ACTIVITY: What is needed is an exact copy of every record.
<<<<
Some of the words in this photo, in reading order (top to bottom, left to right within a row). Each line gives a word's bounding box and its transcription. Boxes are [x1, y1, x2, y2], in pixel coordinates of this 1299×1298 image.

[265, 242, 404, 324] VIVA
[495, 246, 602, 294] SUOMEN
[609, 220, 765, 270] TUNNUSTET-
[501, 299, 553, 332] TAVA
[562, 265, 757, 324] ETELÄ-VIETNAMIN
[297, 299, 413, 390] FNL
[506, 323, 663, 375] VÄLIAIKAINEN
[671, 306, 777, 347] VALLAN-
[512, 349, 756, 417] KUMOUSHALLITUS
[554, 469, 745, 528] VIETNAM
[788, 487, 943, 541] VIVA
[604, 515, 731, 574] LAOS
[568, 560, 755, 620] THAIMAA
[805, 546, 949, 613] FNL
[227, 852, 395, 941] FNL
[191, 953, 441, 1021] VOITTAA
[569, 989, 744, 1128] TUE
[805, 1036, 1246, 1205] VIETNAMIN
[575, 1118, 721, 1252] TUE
>>>>
OUTPUT BELOW:
Some of the words in this photo, in reading order (top to bottom, left to right within a row). Each line gives a word's bounding box and its transcription. Boxes are [x1, y1, x2, y2], in pixel coordinates of this 1299×1298 image.

[265, 242, 404, 324] VIVA
[495, 246, 602, 294] SUOMEN
[609, 220, 765, 270] TUNNUSTET-
[501, 299, 553, 332] TAVA
[562, 265, 757, 324] ETELÄ-VIETNAMIN
[297, 299, 413, 390] FNL
[506, 323, 663, 375] VÄLIAIKAINEN
[671, 306, 777, 347] VALLAN-
[512, 349, 756, 417] KUMOUSHALLITUS
[554, 469, 745, 528] VIETNAM
[788, 487, 943, 541] VIVA
[604, 515, 731, 574] LAOS
[568, 560, 755, 620] THAIMAA
[805, 546, 949, 613] FNL
[227, 852, 395, 941] FNL
[191, 953, 441, 1021] VOITTAA
[569, 989, 744, 1128] TUE
[805, 1036, 1246, 1205] VIETNAMIN
[575, 1118, 721, 1252] TUE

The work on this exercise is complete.